Third quarter results for Canada’s property and casualty insurance industry have been released and the figures are a strong indication of what is commonly referred to by insurers as a “hard market.”

In its quarterly analysis of the financial performance of the P&C insurance industry, the Insurance Bureau of Canada says written premiums have increased by 11% this year with much larger increases recorded in the United States and elsewhere.

“Although revenues are rising, the cost of claims is increasing at a quicker pace – up 12 per cent this year,” says Paul Kovacs, chief economist for the Insurance Bureau of Canada.

“Terrible underwriting results in combination with eroding investment returns have driven insurance earnings lower. After-tax industry ROE has fallen to less than 2% this year — the lowest level ever recorded.”

Looking at regional statistics, the insurance industry is experiencing very large losses in Atlantic Canada. In Ontario, premiums haven’t kept up with alarming and persistent cost increases, particularly for auto insurance. The healthiest insurance market in the country is Quebec.

Adding to the industry’s challenges are the terrorist attacks of September 11 in New York and Washington and weaknesses in the economy. “Interest rates have fallen, equity markets initially lost ground, and now, reinsurance costs are soaring,” Kovacs says.

This year’s third quarter results show net profits for the P&C insurance industry dropped by 46.7% to $165 million compared to the same period in 2000. This deterioration shows that the industry has suffered a double blow by a 46.3% decline in recognized gains, and an 11.6% hike in underwriting losses.

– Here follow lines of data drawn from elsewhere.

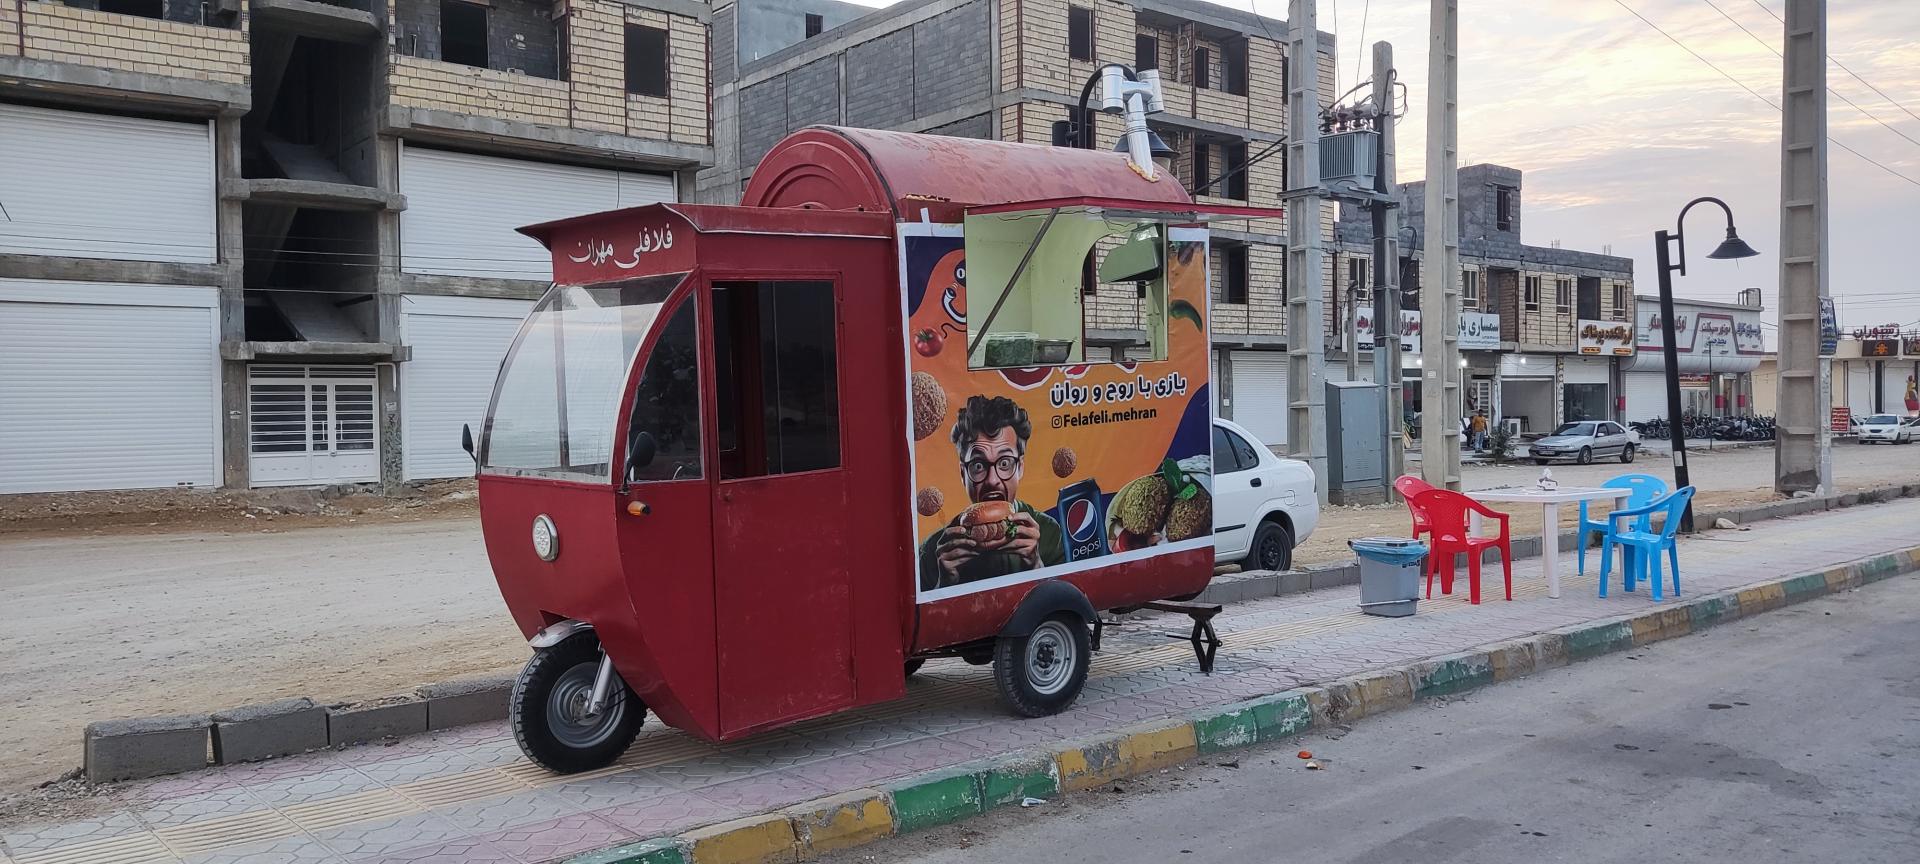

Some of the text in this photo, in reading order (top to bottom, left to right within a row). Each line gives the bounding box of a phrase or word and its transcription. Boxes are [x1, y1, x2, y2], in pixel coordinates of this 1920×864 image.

[567, 222, 673, 269] فلافلی مهران
[1853, 325, 1900, 338] رستوران
[1051, 372, 1187, 406] بازی با روح و روان
[1063, 408, 1157, 428] Felafeli.mehran
[1072, 537, 1102, 560] pepsi
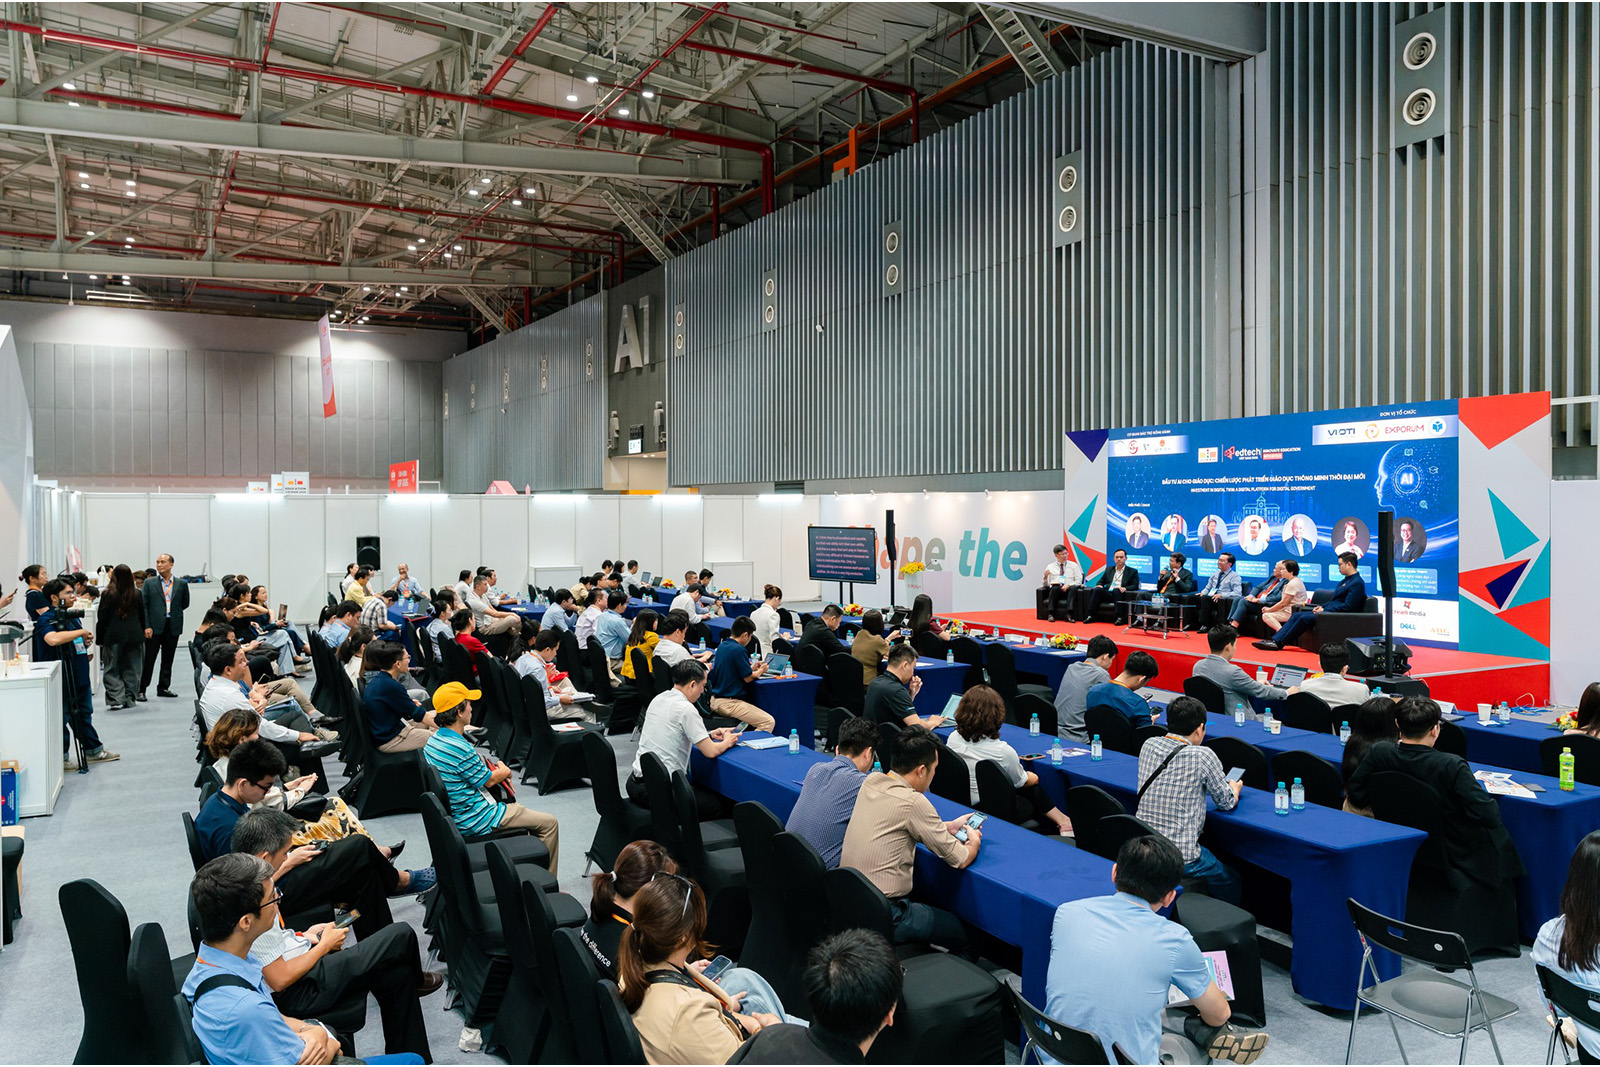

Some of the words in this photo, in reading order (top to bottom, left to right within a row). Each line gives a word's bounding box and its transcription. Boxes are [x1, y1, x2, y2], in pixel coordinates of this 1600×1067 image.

[614, 295, 655, 373] A1
[1384, 424, 1424, 434] EXPORUM
[1235, 448, 1260, 456] edtech
[1400, 472, 1414, 485] AI
[958, 527, 1028, 581] the
[588, 940, 611, 967] difference
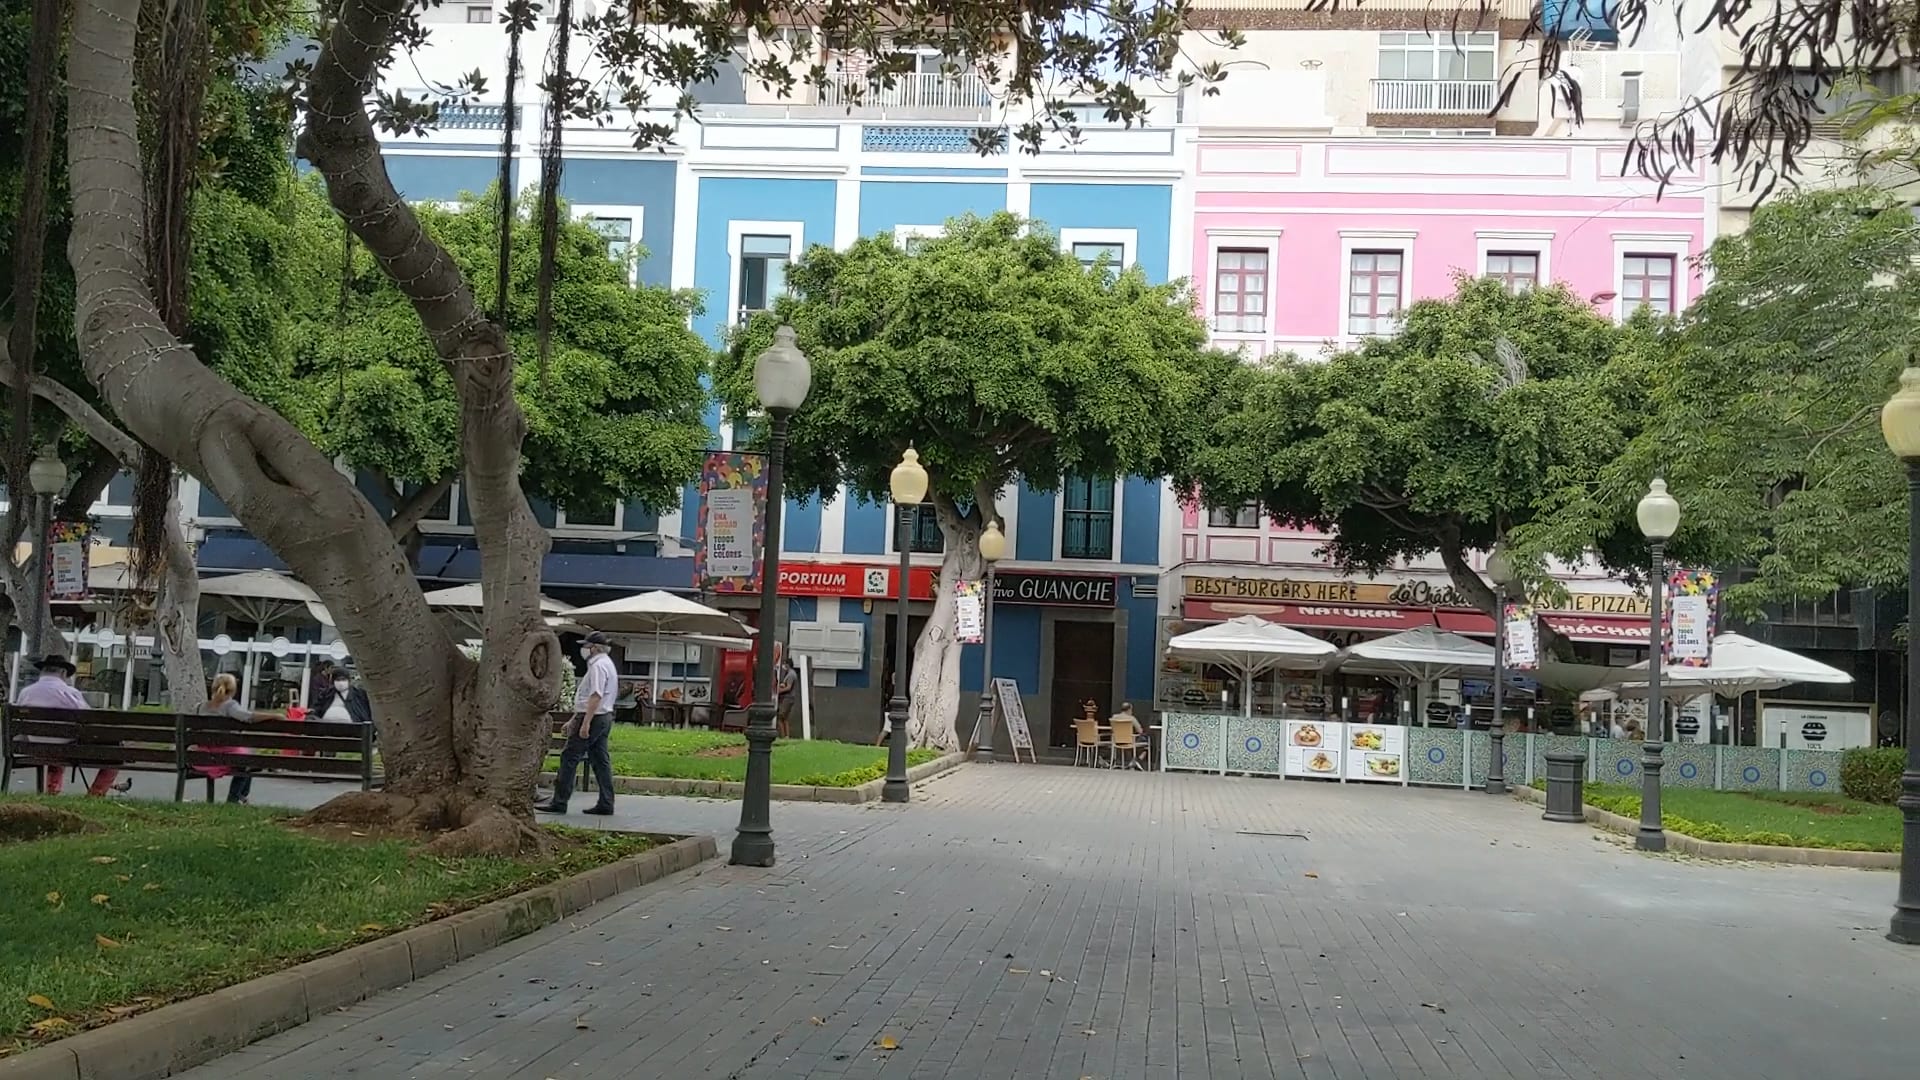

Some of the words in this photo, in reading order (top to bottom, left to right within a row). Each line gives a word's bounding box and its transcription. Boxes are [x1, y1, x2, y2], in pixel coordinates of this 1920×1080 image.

Direct written premiums improved considerably, with a year-over-year increase of 12.4% in third quarter 2001 from the same period last year. At the same time, the industry loss ratio worsened to 77% from 76.6% in 2000, as the 7.4% growth of earned premiums lagged behind the 8% claims growth.

During the first nine months of the year, dramatic deterioration in stock market values contributed to a 62.2% reduction in realized investment gains while lower interest rates produced a 1.4% drop in investment income.